John Weru Maina @bitmaina
5 years ago

The Commodity Futures Trading Commission is set to meet this October to discuss its jurisdiction over bitcoin futures. Through its Global Markets Advisory Committee, the CFTC will have a meeting with two panels, all of which will be open to the public. The meeting will take place on October 9th, 2014 at the CFTC Headquarters in Washington DC.

The upcoming meeting marks the first time that the regulator is publicly wading into the area of bitcoin regulation. There has been a growing demand for bitcoin futures from global merchants, miners and hedge funds for an efficient hedging tool. In March 2014, TeraExchange through an affiliate launched the first unregulated swap execution facility. The company followed up on this by launching a regulated Bitcoin Derivatives and Price Index earlier in September 2014.
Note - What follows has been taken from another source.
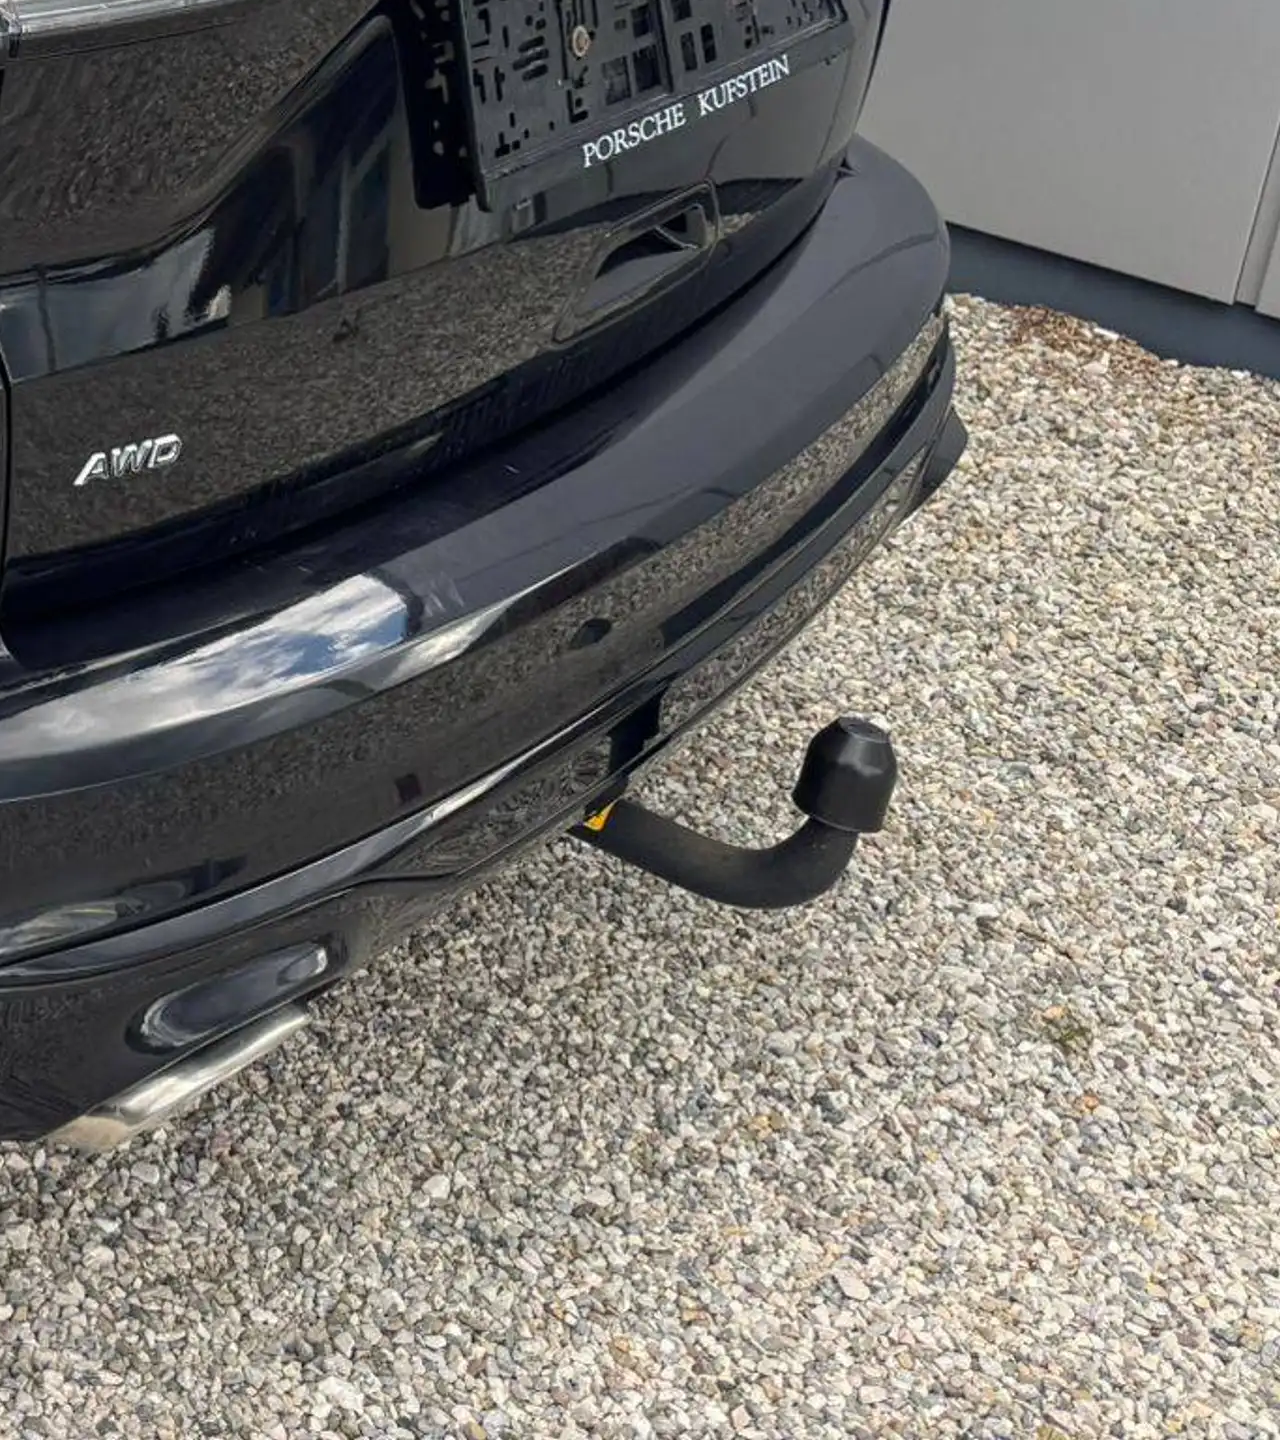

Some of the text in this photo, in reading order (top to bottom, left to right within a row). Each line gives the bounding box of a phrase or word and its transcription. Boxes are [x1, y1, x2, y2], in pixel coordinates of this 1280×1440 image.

[581, 54, 791, 169] PORSCHE KUFSTEIN
[72, 433, 184, 487] AWD
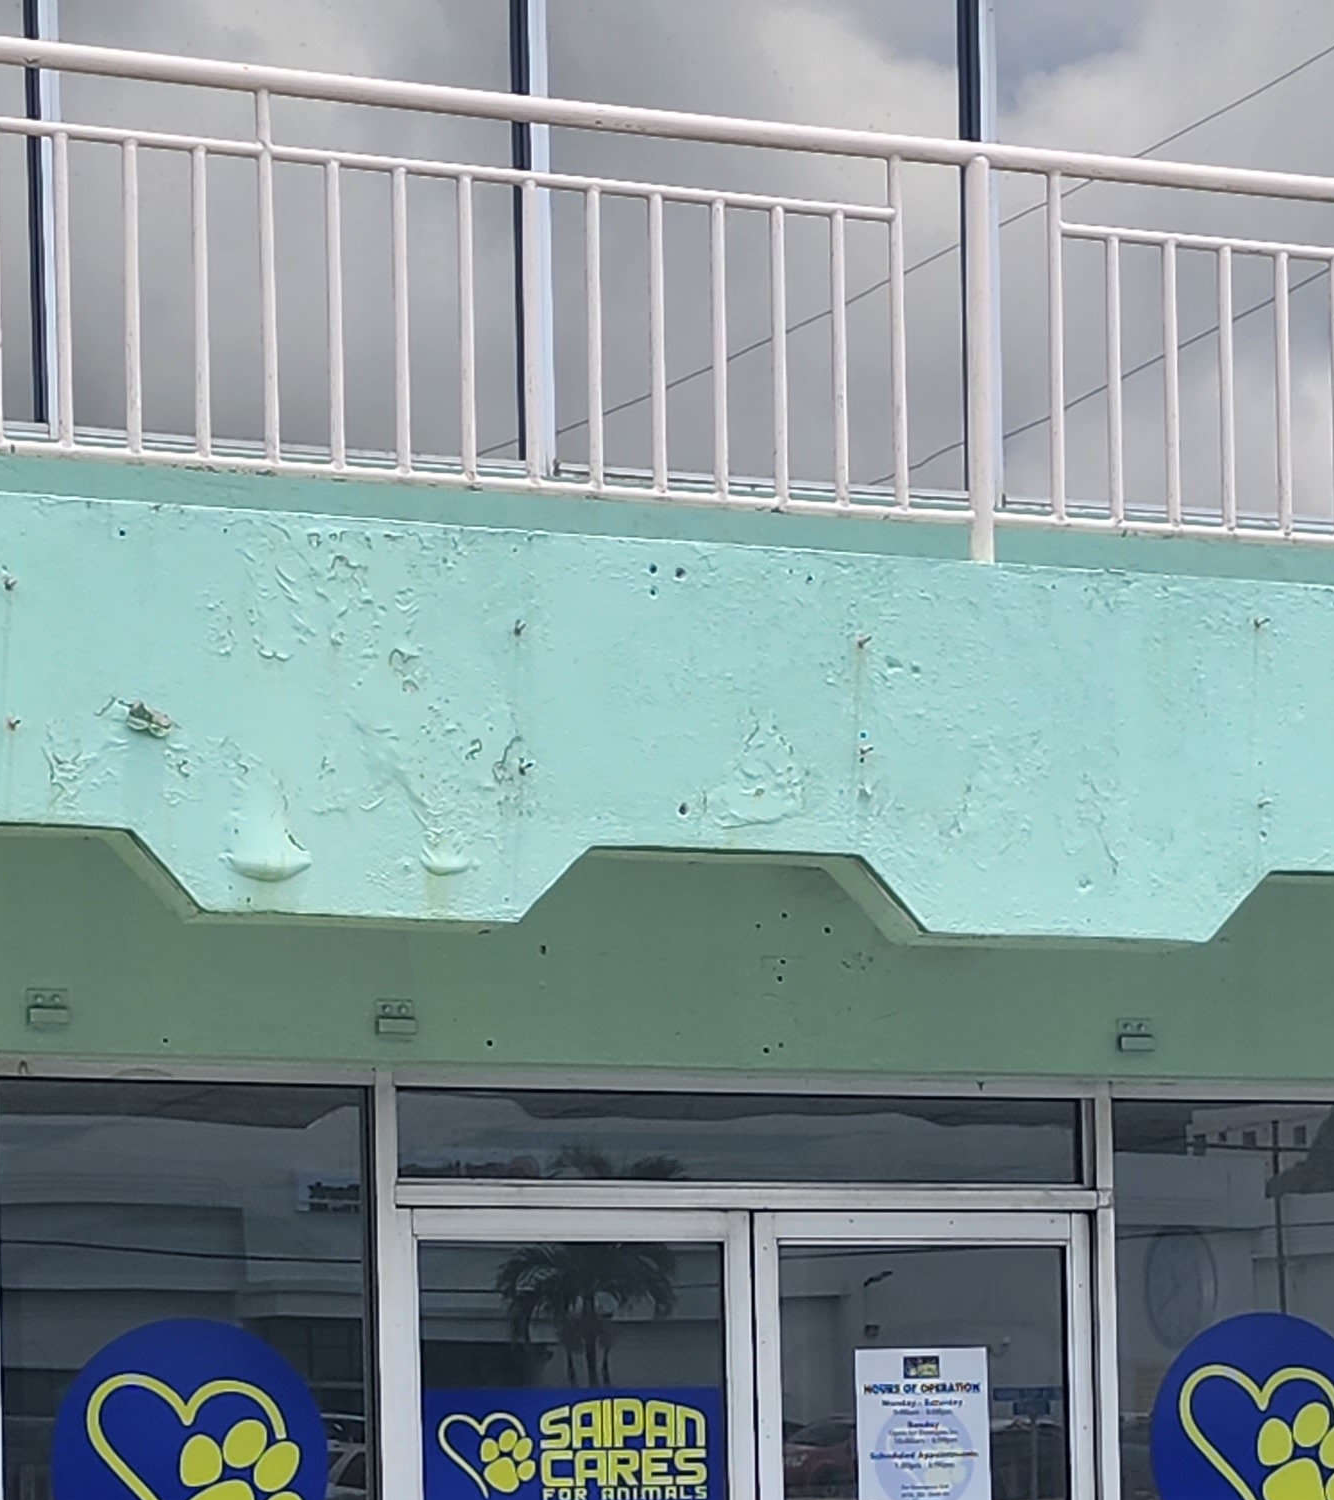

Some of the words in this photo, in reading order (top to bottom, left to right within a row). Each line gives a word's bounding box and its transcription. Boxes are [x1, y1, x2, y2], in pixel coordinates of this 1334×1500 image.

Also read: Bitcoin Derivatives Trading Platform Gets US Approval

Bitcoin Futures and other Derivatives – A Brave New World

Derivatives are financial instruments whose value is determined by or derived from an underlying asset. Traditionally, underlying assets have included stocks, bonds, commodities, currencies, interest rates and market indices. Bitcoin derivatives are therefore an exciting new area for the crypto-currency. It is an additional marker that the digital currency has matured to the point where mainstream financial markets are beginning to take notice.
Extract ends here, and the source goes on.